━━━━━ MATERIAL SUPPLIED

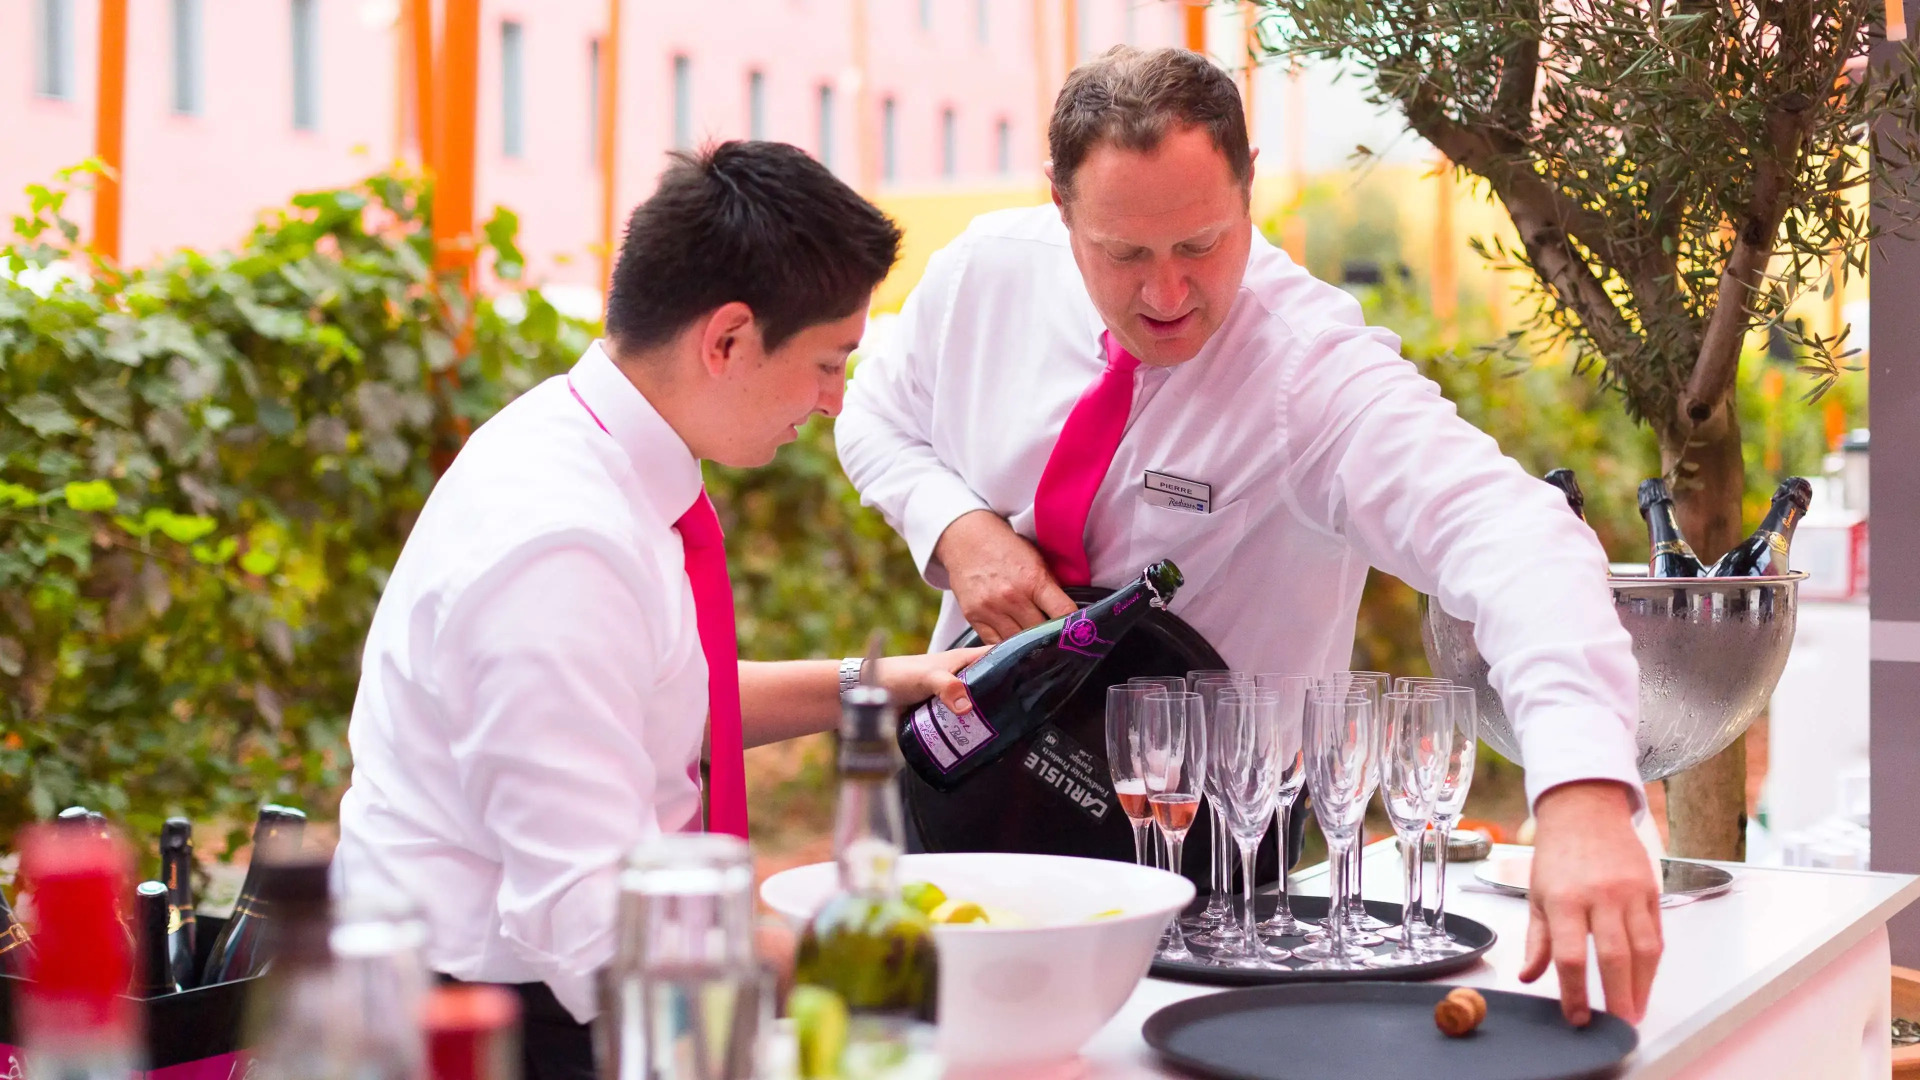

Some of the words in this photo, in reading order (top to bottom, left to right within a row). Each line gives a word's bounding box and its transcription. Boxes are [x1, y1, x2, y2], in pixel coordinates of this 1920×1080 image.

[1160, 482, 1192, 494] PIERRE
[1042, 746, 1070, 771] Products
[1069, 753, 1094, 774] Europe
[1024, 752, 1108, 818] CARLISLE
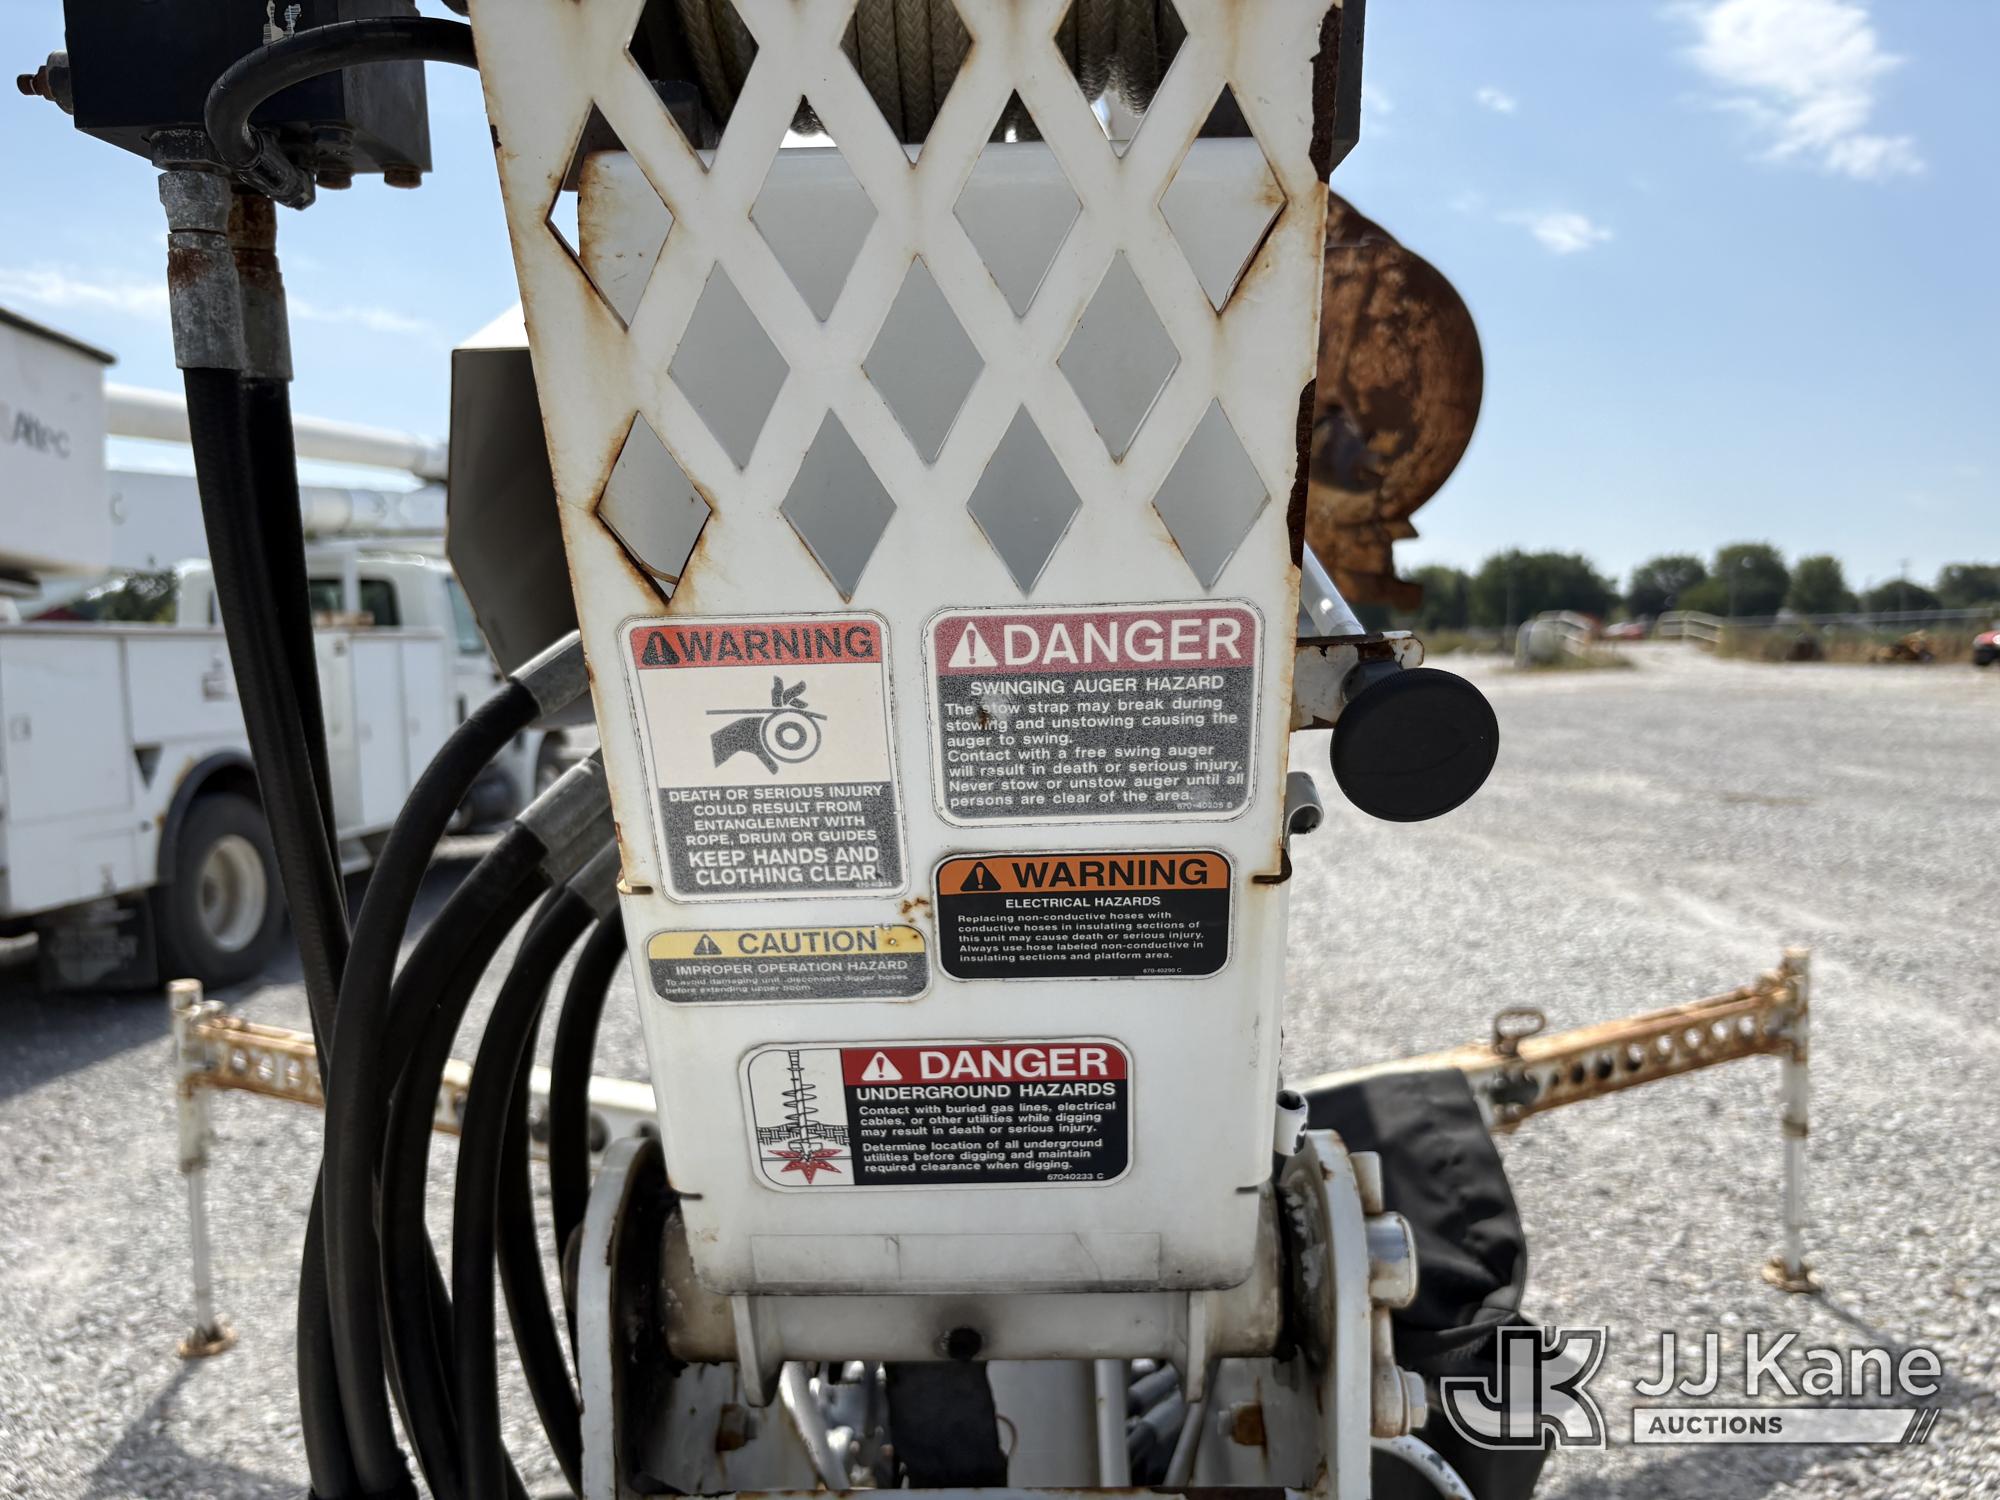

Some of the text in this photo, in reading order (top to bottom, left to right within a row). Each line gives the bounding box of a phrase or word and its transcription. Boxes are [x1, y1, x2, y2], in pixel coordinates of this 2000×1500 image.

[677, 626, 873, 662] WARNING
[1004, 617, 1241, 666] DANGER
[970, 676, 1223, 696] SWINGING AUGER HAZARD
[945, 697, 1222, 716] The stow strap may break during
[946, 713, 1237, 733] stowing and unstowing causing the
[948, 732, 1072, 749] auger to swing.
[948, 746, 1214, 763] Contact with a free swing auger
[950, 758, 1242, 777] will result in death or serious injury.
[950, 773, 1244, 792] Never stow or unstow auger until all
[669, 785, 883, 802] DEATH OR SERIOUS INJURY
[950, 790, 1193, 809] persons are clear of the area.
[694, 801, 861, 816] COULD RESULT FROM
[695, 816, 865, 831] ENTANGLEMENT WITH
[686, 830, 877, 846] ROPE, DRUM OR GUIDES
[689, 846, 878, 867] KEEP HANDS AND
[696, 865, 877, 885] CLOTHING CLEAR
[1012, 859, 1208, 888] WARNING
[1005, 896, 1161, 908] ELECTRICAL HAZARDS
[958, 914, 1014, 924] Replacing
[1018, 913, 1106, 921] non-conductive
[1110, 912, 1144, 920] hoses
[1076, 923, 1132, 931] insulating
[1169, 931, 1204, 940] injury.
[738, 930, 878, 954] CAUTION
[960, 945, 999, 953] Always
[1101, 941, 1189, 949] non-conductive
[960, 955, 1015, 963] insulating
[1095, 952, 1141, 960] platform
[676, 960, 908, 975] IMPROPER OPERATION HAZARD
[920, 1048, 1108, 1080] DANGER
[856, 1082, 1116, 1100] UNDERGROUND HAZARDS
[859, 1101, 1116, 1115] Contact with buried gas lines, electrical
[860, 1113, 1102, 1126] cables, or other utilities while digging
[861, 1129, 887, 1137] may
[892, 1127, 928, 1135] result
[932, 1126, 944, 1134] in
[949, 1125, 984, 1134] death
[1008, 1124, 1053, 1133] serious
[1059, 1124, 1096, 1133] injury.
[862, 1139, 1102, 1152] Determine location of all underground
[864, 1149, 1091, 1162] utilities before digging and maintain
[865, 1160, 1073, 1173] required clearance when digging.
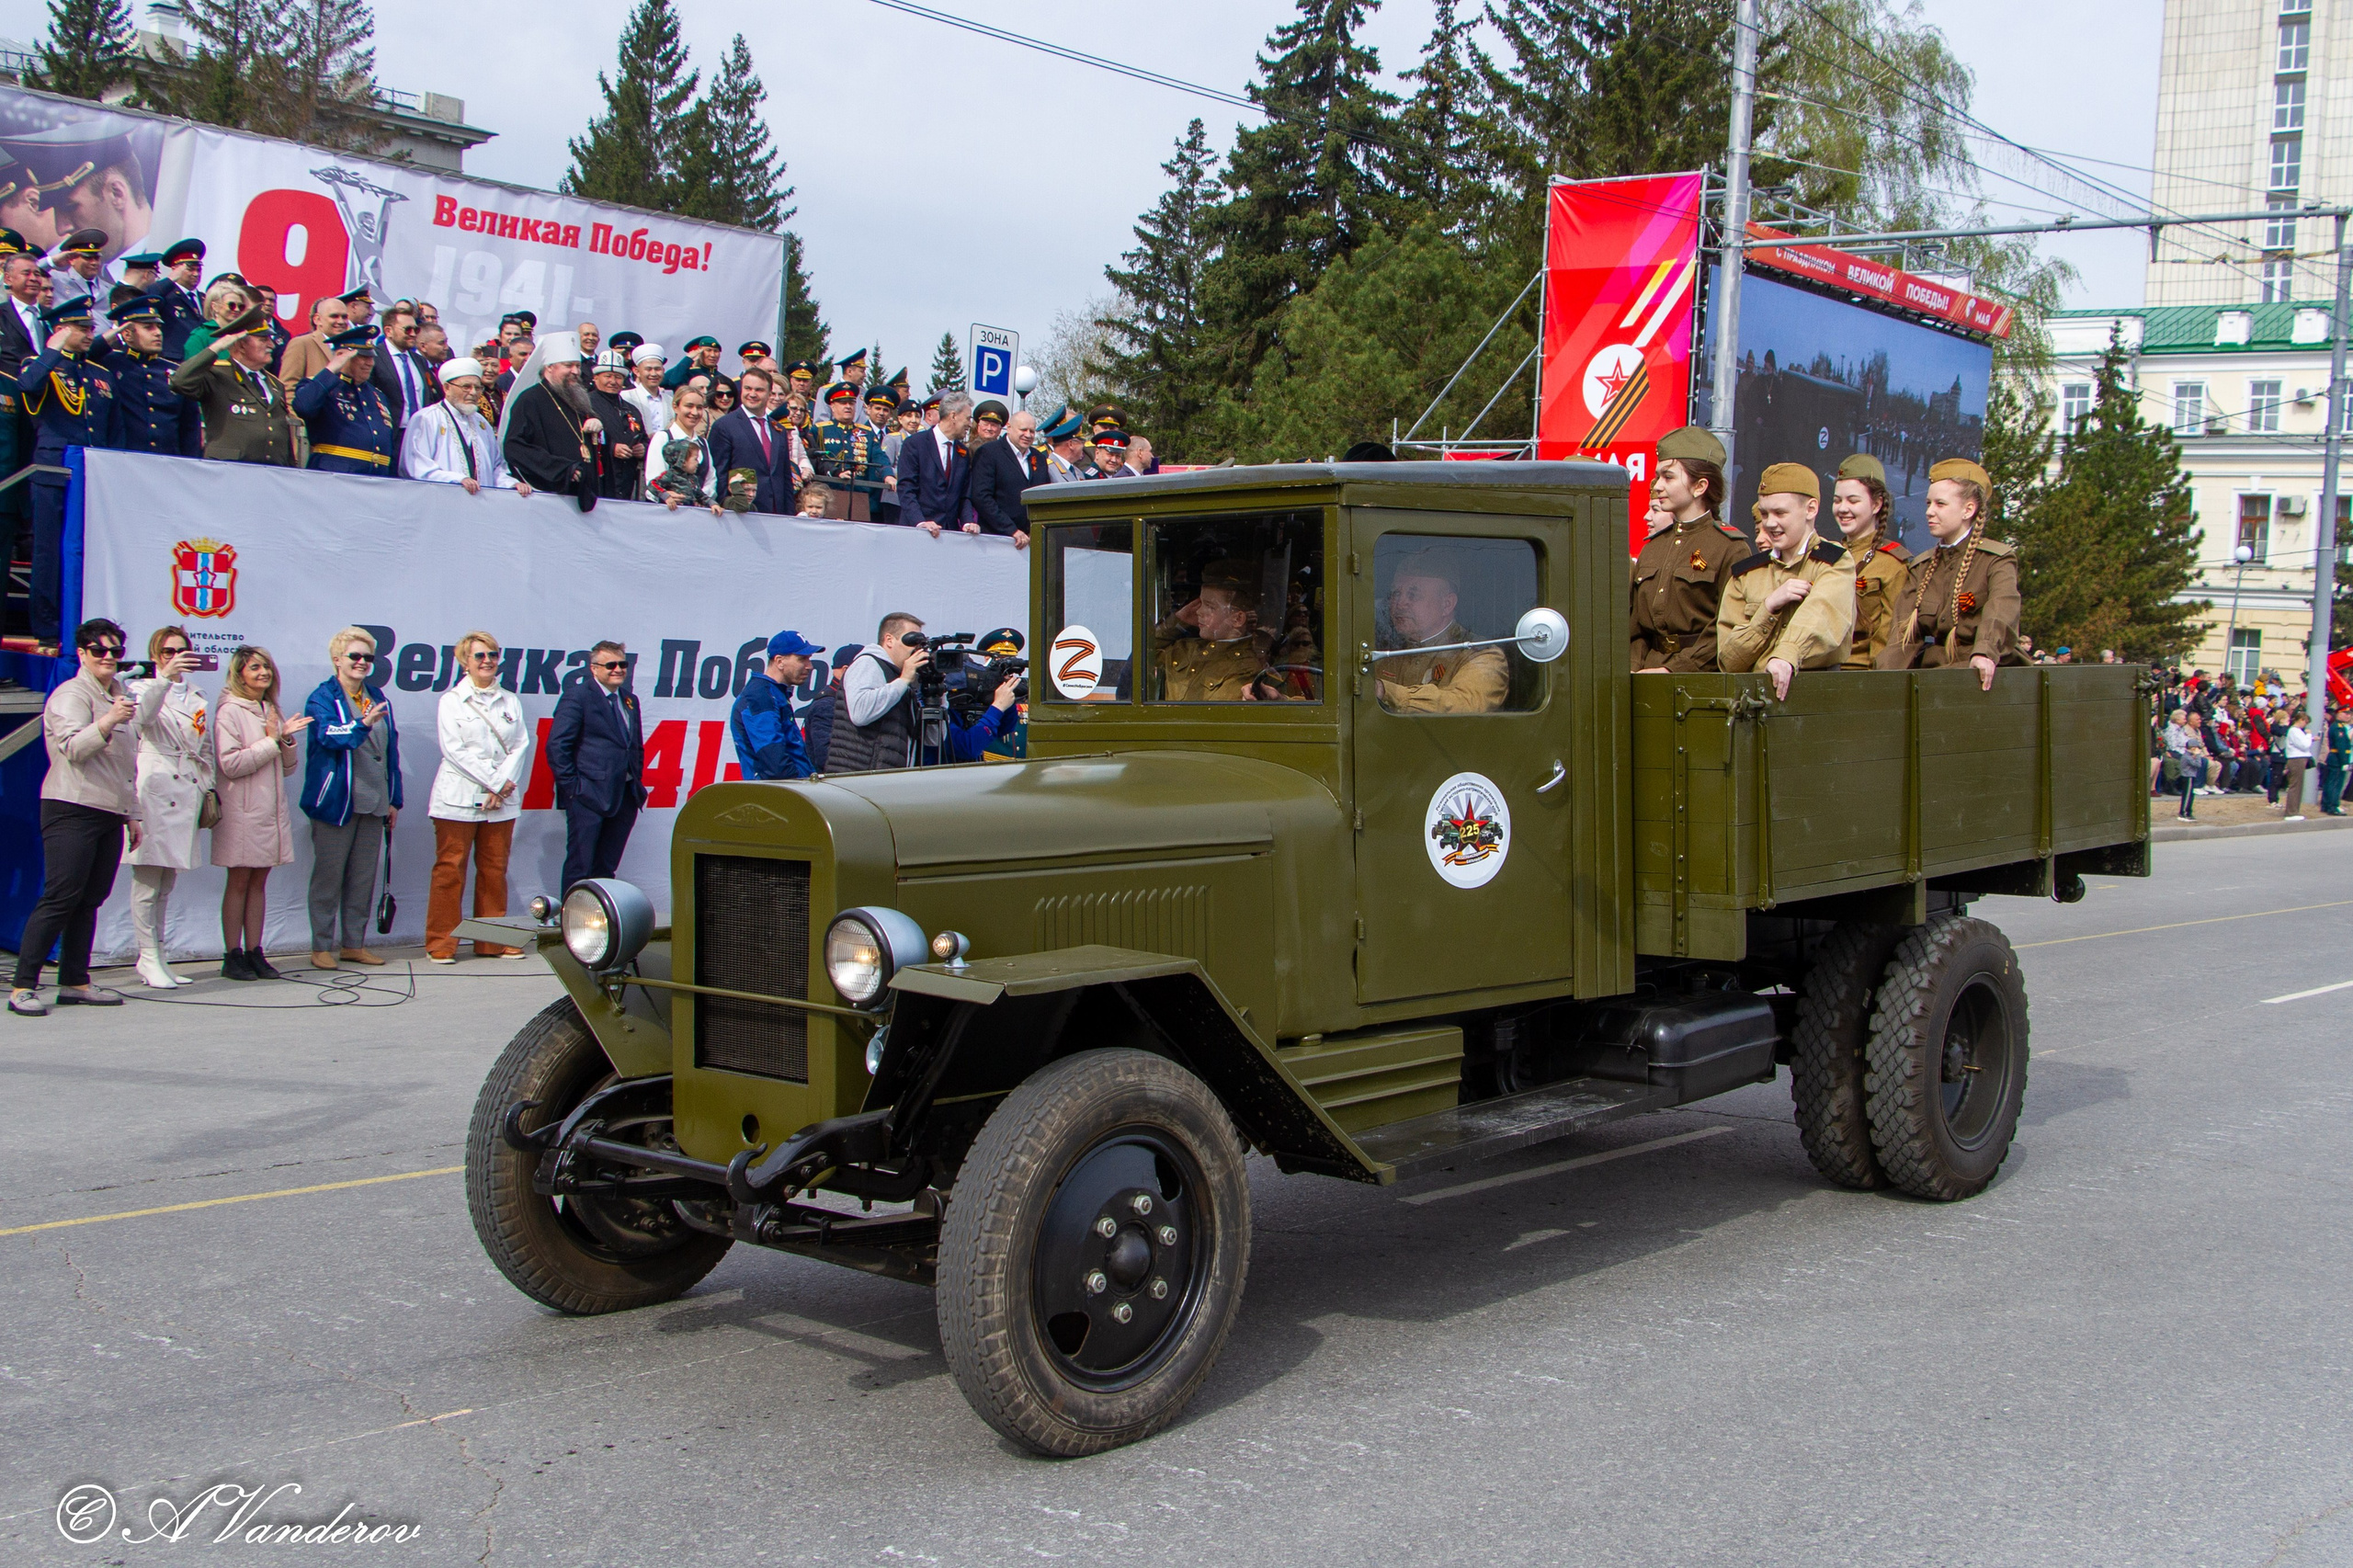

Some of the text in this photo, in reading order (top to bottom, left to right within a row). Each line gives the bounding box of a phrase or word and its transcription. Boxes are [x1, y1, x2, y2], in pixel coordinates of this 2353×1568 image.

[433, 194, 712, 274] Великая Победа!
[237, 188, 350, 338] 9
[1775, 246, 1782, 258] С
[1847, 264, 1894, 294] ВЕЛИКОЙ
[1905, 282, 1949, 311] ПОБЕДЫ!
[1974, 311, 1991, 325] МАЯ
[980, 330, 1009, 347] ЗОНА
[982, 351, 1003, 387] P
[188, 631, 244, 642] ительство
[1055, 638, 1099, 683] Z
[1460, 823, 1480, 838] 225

━━━━━━━━━━

◆ **TASK DESCRIPTION**: Repeat the records above exactly. Pictures do not belong in the copy.

◆ **EXERCISE RESPONSE**:
Some of the words in this photo, in reading order (top to bottom, left to right within a row). Each line gives a word's bounding box and its transcription. Boxes are [x1, y1, x2, y2], in pixel coordinates of this 1920×1080 image.

[1160, 482, 1192, 494] PIERRE
[1042, 746, 1070, 771] Products
[1069, 753, 1094, 774] Europe
[1024, 752, 1108, 818] CARLISLE

Some of the text in this photo, in reading order (top to bottom, left to right within a row). Each line gives the bounding box of a phrase or word and its transcription. Boxes are [x1, y1, x2, y2], in pixel coordinates of this 2000×1500 image.

[677, 626, 873, 662] WARNING
[1004, 617, 1241, 666] DANGER
[970, 676, 1223, 696] SWINGING AUGER HAZARD
[945, 697, 1222, 716] The stow strap may break during
[946, 713, 1237, 733] stowing and unstowing causing the
[948, 732, 1072, 749] auger to swing.
[948, 746, 1214, 763] Contact with a free swing auger
[950, 758, 1242, 777] will result in death or serious injury.
[950, 773, 1244, 792] Never stow or unstow auger until all
[669, 785, 883, 802] DEATH OR SERIOUS INJURY
[950, 790, 1193, 809] persons are clear of the area.
[694, 801, 861, 816] COULD RESULT FROM
[695, 816, 865, 831] ENTANGLEMENT WITH
[686, 830, 877, 846] ROPE, DRUM OR GUIDES
[689, 846, 878, 867] KEEP HANDS AND
[696, 865, 877, 885] CLOTHING CLEAR
[1012, 859, 1208, 888] WARNING
[1005, 896, 1161, 908] ELECTRICAL HAZARDS
[958, 914, 1014, 924] Replacing
[1018, 913, 1106, 921] non-conductive
[1110, 912, 1144, 920] hoses
[1076, 923, 1132, 931] insulating
[1169, 931, 1204, 940] injury.
[738, 930, 878, 954] CAUTION
[960, 945, 999, 953] Always
[1101, 941, 1189, 949] non-conductive
[960, 955, 1015, 963] insulating
[1095, 952, 1141, 960] platform
[676, 960, 908, 975] IMPROPER OPERATION HAZARD
[920, 1048, 1108, 1080] DANGER
[856, 1082, 1116, 1100] UNDERGROUND HAZARDS
[859, 1101, 1116, 1115] Contact with buried gas lines, electrical
[860, 1113, 1102, 1126] cables, or other utilities while digging
[861, 1129, 887, 1137] may
[892, 1127, 928, 1135] result
[932, 1126, 944, 1134] in
[949, 1125, 984, 1134] death
[1008, 1124, 1053, 1133] serious
[1059, 1124, 1096, 1133] injury.
[862, 1139, 1102, 1152] Determine location of all underground
[864, 1149, 1091, 1162] utilities before digging and maintain
[865, 1160, 1073, 1173] required clearance when digging.

Some of the text in this photo, in reading order (top to bottom, left to right within a row). Each line gives the bounding box of a phrase or word and its transcription. Boxes are [x1, y1, x2, y2], in pixel coordinates of this 2353×1568 image.

[433, 194, 712, 274] Великая Победа!
[237, 188, 350, 338] 9
[1775, 246, 1782, 258] С
[1847, 264, 1894, 294] ВЕЛИКОЙ
[1905, 282, 1949, 311] ПОБЕДЫ!
[1974, 311, 1991, 325] МАЯ
[980, 330, 1009, 347] ЗОНА
[982, 351, 1003, 387] P
[188, 631, 244, 642] ительство
[1055, 638, 1099, 683] Z
[1460, 823, 1480, 838] 225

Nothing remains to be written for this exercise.